Raw data: Begin

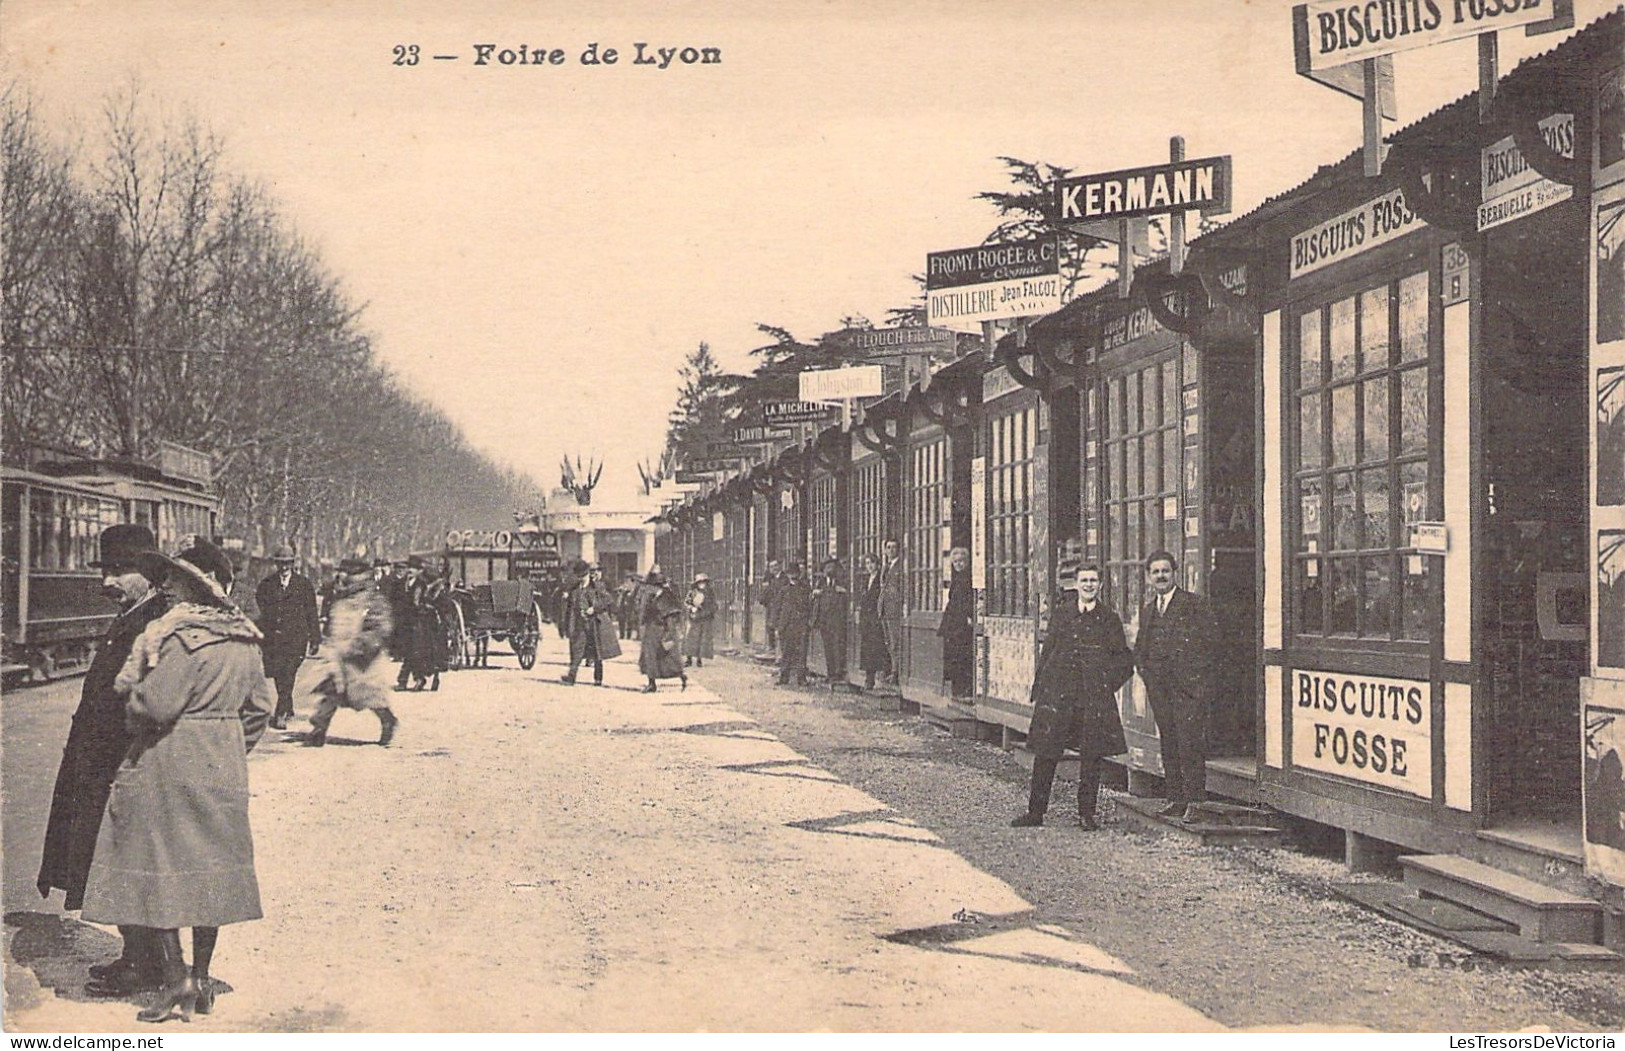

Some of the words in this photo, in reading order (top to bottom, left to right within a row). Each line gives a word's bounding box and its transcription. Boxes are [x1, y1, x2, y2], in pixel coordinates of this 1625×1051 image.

[1487, 147, 1529, 187] BISCUI
[1061, 166, 1213, 219] KERMANN
[1480, 191, 1533, 228] BERRUELLE
[1294, 211, 1366, 271] BISCUITS
[1372, 194, 1420, 239] FOS
[978, 245, 1024, 270] ROGÉE
[1027, 248, 1037, 263] &
[931, 288, 998, 319] DISTILLERIE
[1000, 285, 1021, 303] Jean
[1023, 280, 1057, 298] FALCOZ
[765, 404, 776, 416] LA
[1298, 672, 1422, 725] BISCUITS
[1314, 722, 1407, 777] FOSSE
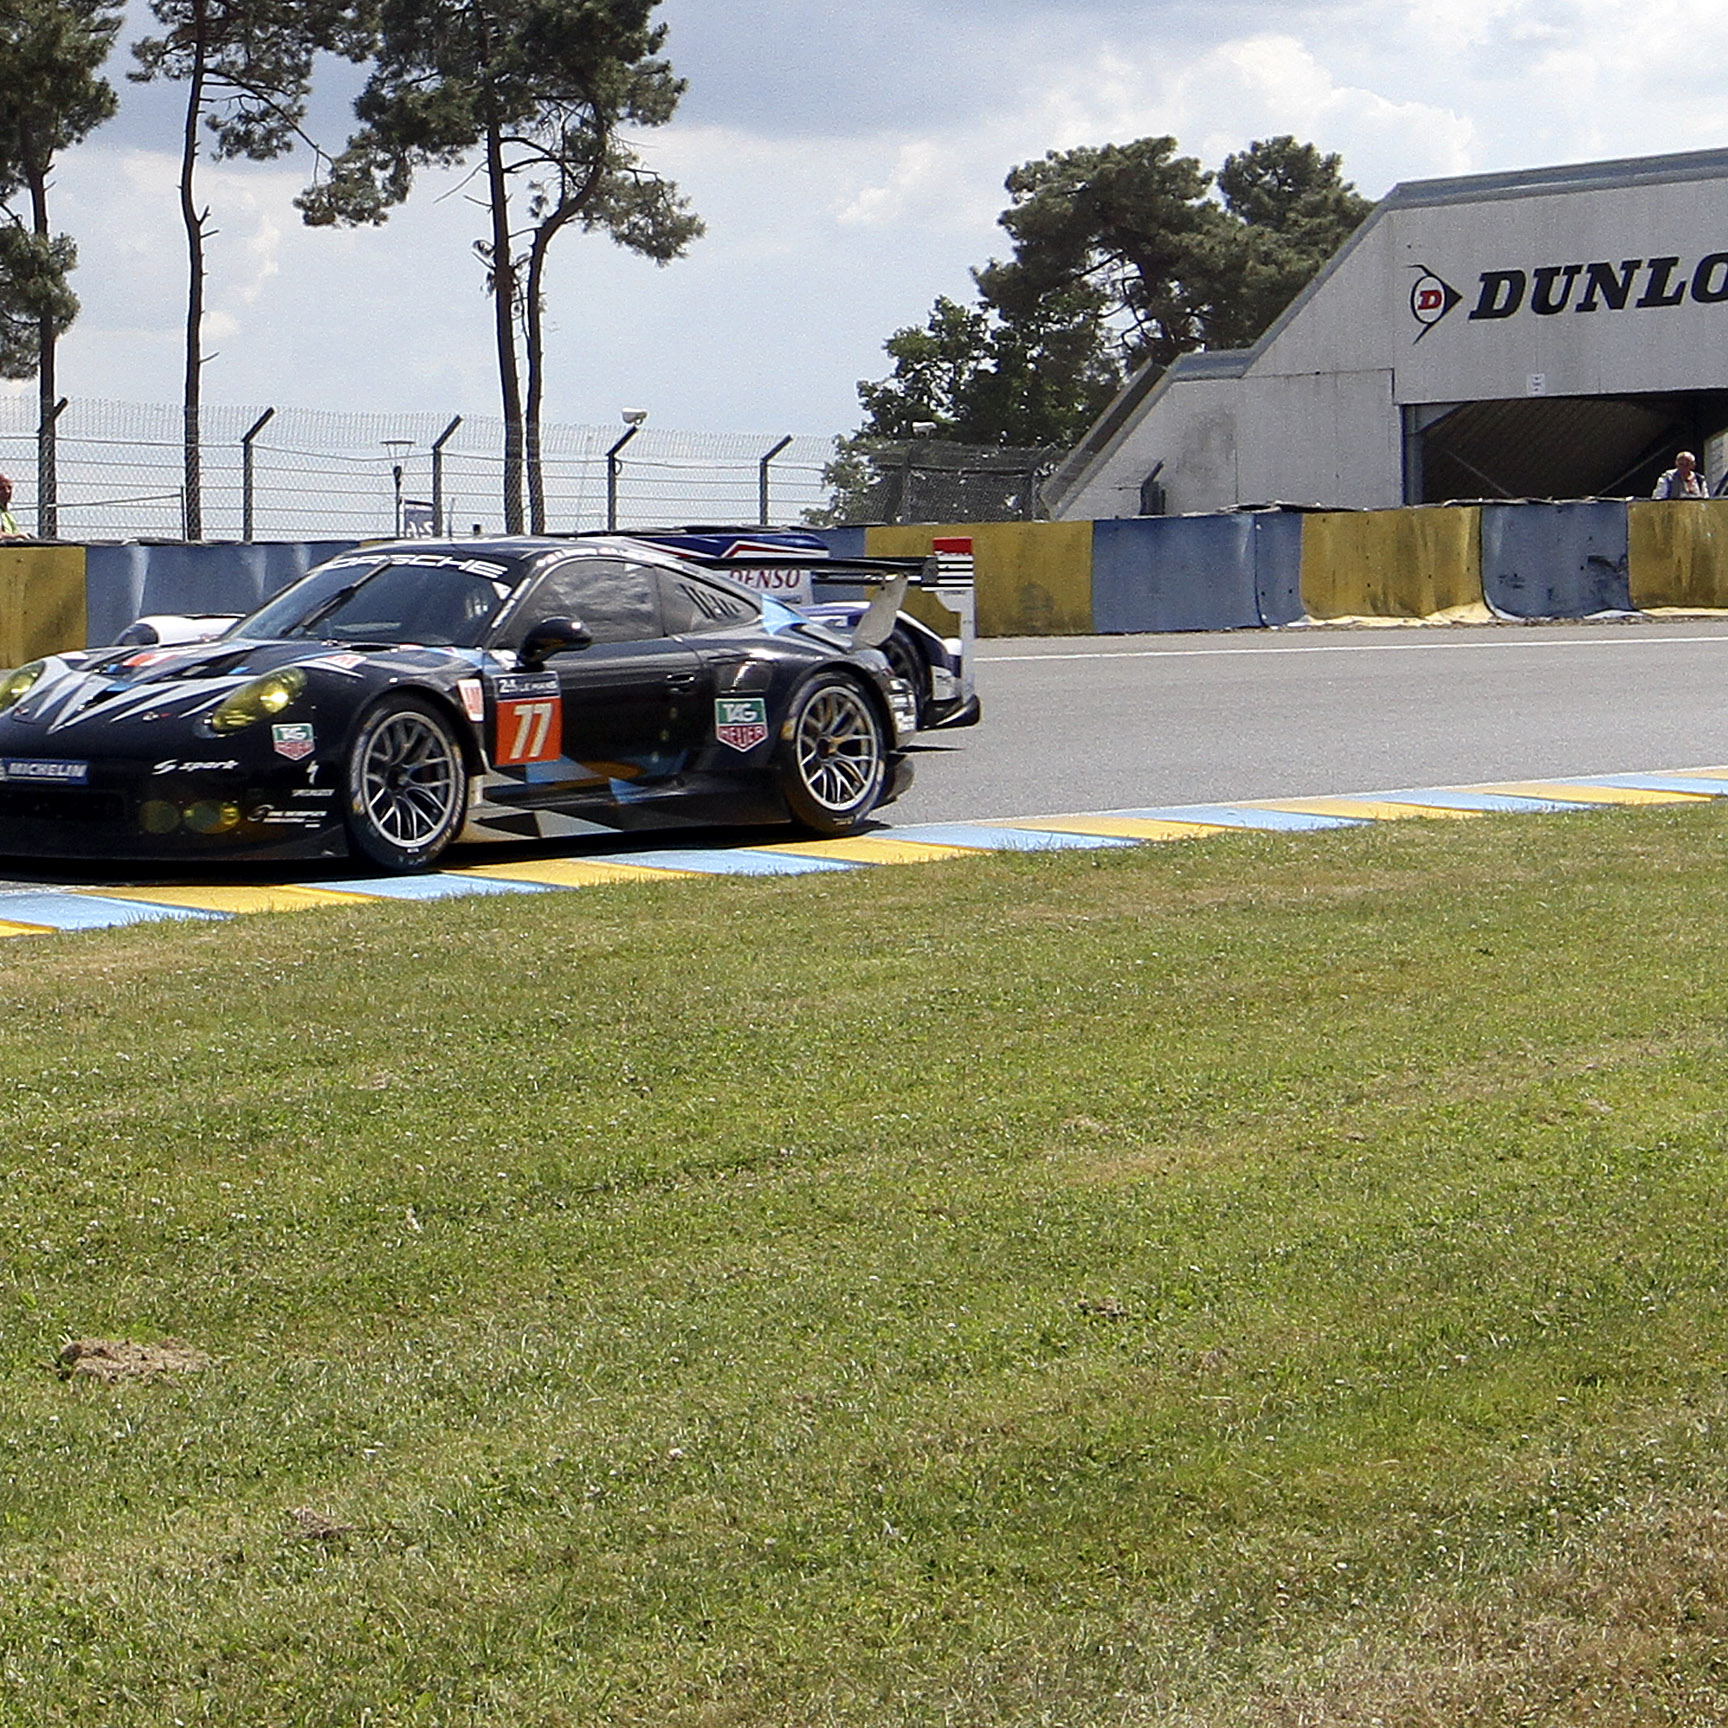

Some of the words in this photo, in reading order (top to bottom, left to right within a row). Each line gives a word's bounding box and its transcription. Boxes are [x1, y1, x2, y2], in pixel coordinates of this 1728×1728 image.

[722, 702, 758, 723] TAG
[509, 702, 553, 760] 77
[718, 725, 766, 748] HEUER
[7, 762, 88, 778] MICHELIN
[178, 759, 240, 772] spark

Raw data: End

Output the full set of records above without changing a word, and drop the images.

Some of the words in this photo, in reading order (top to bottom, left to right within a row). Each line gives a word's bounding box and its transcription. Boxes are [x1, y1, x2, y2], in pixel coordinates of this 1625×1051 image.

[1487, 147, 1529, 187] BISCUI
[1061, 166, 1213, 219] KERMANN
[1480, 191, 1533, 228] BERRUELLE
[1294, 211, 1366, 271] BISCUITS
[1372, 194, 1420, 239] FOS
[978, 245, 1024, 270] ROGÉE
[1027, 248, 1037, 263] &
[931, 288, 998, 319] DISTILLERIE
[1000, 285, 1021, 303] Jean
[1023, 280, 1057, 298] FALCOZ
[765, 404, 776, 416] LA
[1298, 672, 1422, 725] BISCUITS
[1314, 722, 1407, 777] FOSSE

Some of the words in this photo, in reading order (top to bottom, left to right within a row). Each line gives a word's bounding box and its transcription. Boxes are [x1, y1, x2, y2], in pixel coordinates of this 1728×1728 image.

[722, 702, 758, 723] TAG
[509, 702, 553, 760] 77
[718, 725, 766, 748] HEUER
[7, 762, 88, 778] MICHELIN
[178, 759, 240, 772] spark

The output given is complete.